= WORK TASK =
Your task is to return all of the records exactly, minus any images.

(Stored data entries)
::::::::::

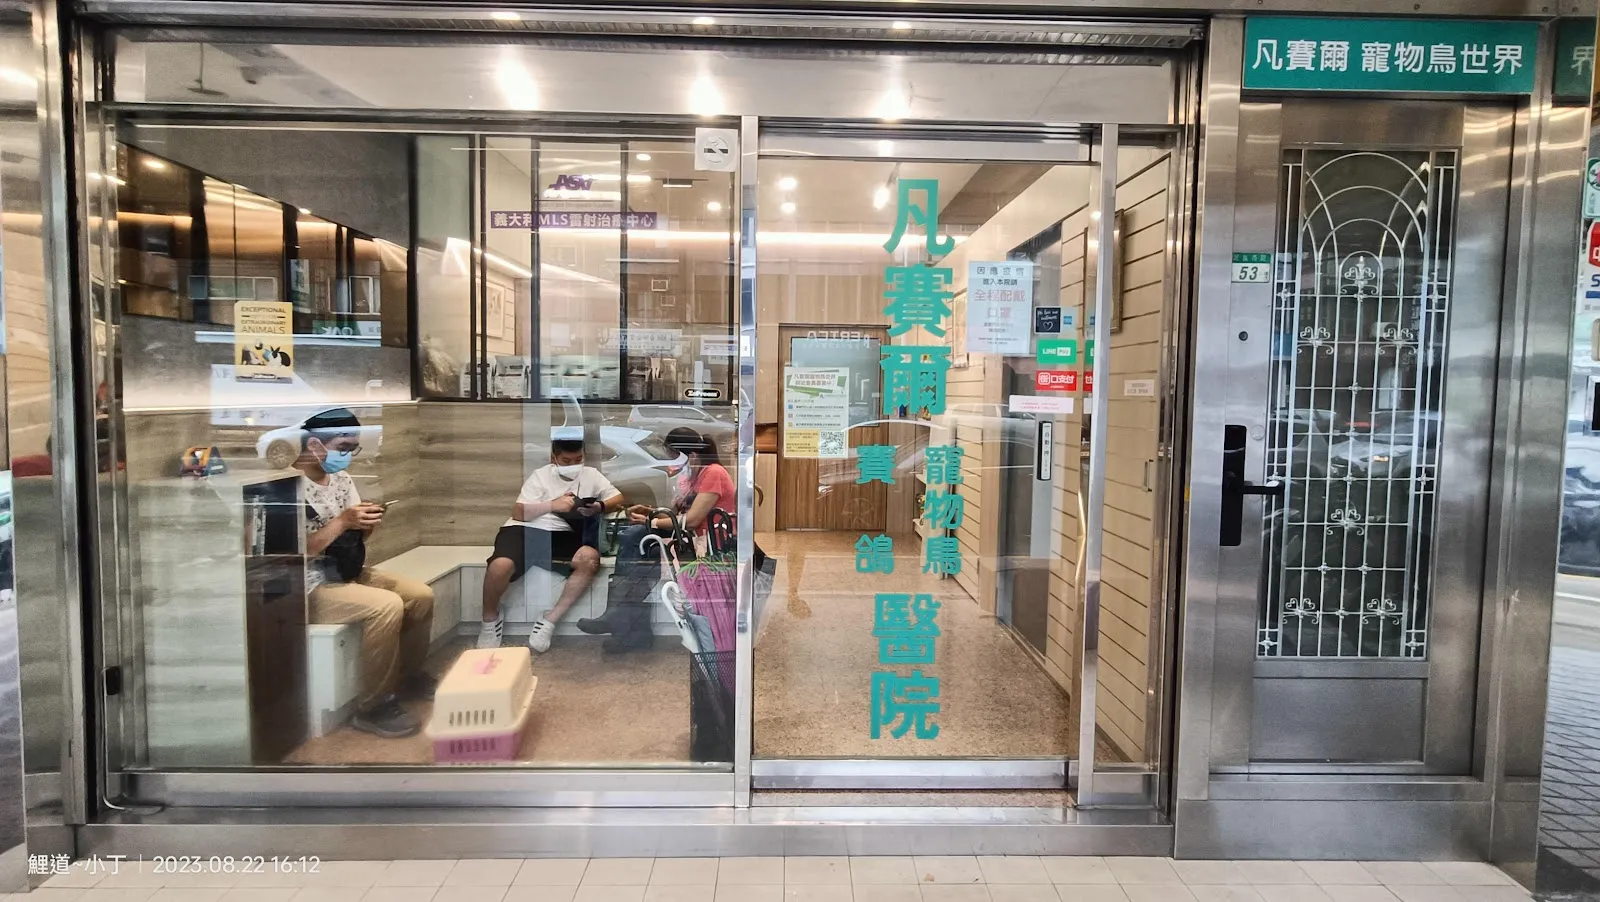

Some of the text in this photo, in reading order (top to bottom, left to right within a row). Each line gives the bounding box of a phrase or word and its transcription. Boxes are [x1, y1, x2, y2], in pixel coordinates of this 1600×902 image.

[1252, 38, 1523, 76] 凡賽爾 寵物鳥世界
[241, 326, 286, 334] ANIMALS
[878, 178, 956, 415] 凡賽爾
[1239, 266, 1259, 280] 53
[855, 444, 897, 575] 賽鴿
[922, 444, 965, 575] 寵物鳥
[870, 592, 942, 740] 醫院
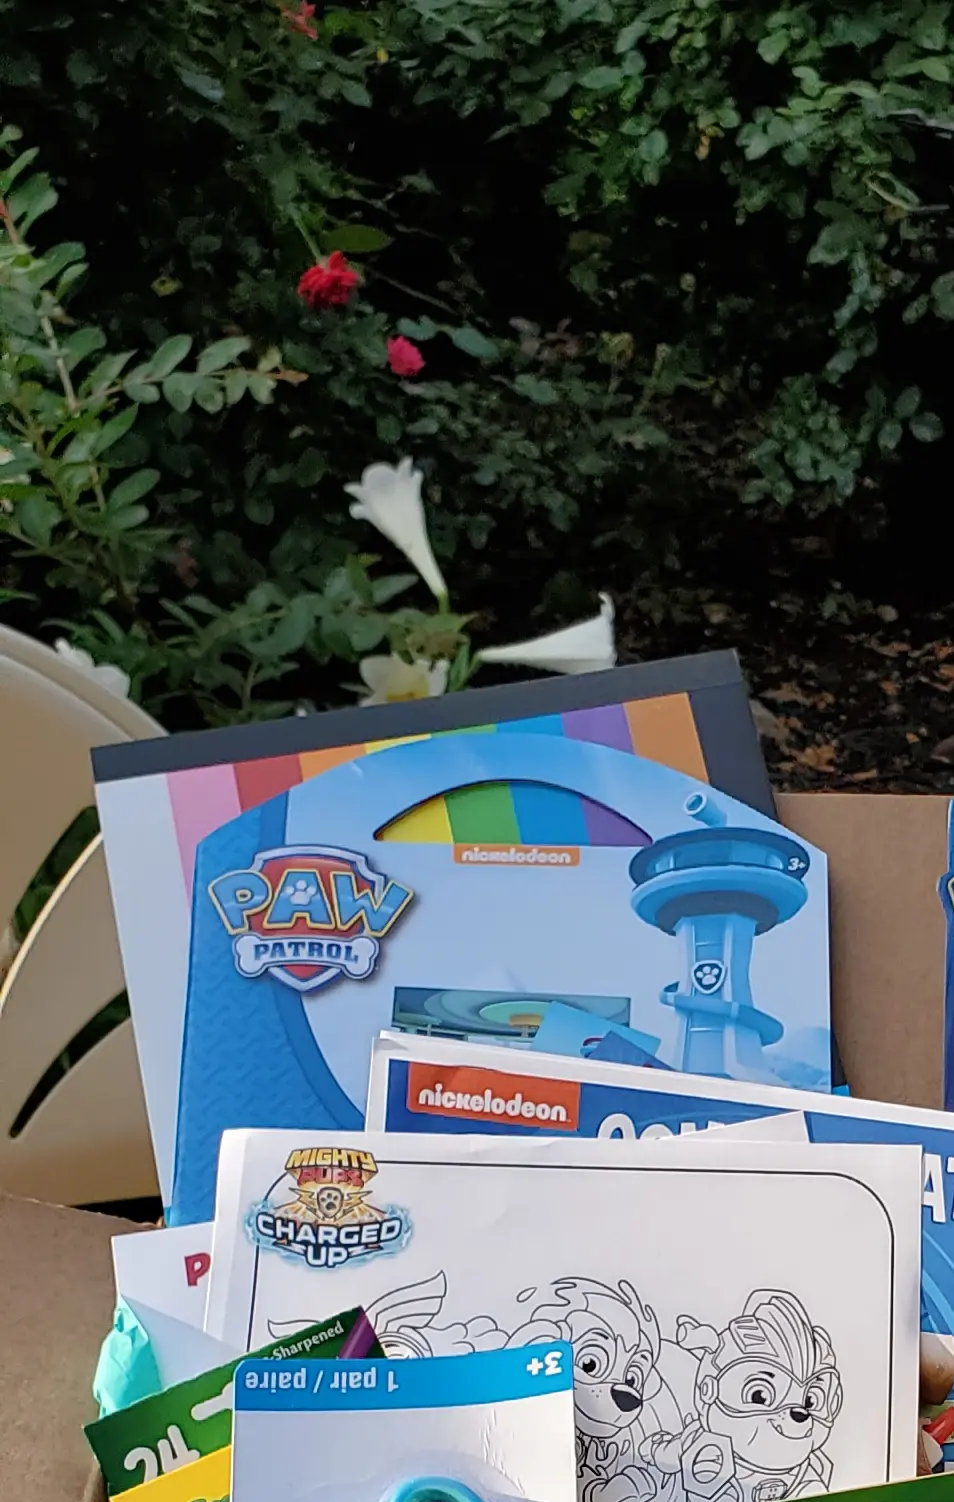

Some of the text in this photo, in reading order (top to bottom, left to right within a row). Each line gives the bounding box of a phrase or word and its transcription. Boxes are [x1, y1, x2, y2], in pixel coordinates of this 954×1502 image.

::::::::::

= SOLUTION FOR THIS EXERCISE =
Some of the text in this photo, in reading order (top to bottom, left to right within a row). Each line gives the bounding box of a phrase or word and its transcription. Boxes are [x1, y1, x2, y2], in pixel coordinates of this 1600×902 image.

[1252, 38, 1523, 76] 凡賽爾 寵物鳥世界
[241, 326, 286, 334] ANIMALS
[878, 178, 956, 415] 凡賽爾
[1239, 266, 1259, 280] 53
[855, 444, 897, 575] 賽鴿
[922, 444, 965, 575] 寵物鳥
[870, 592, 942, 740] 醫院

Some of the text in this photo, in reading order (top to bottom, left to right within a row). Each line gives the bounding box of a phrase or word and its transcription. Boxes are [x1, y1, x2, y2], in pixel coordinates of this 954×1502 image.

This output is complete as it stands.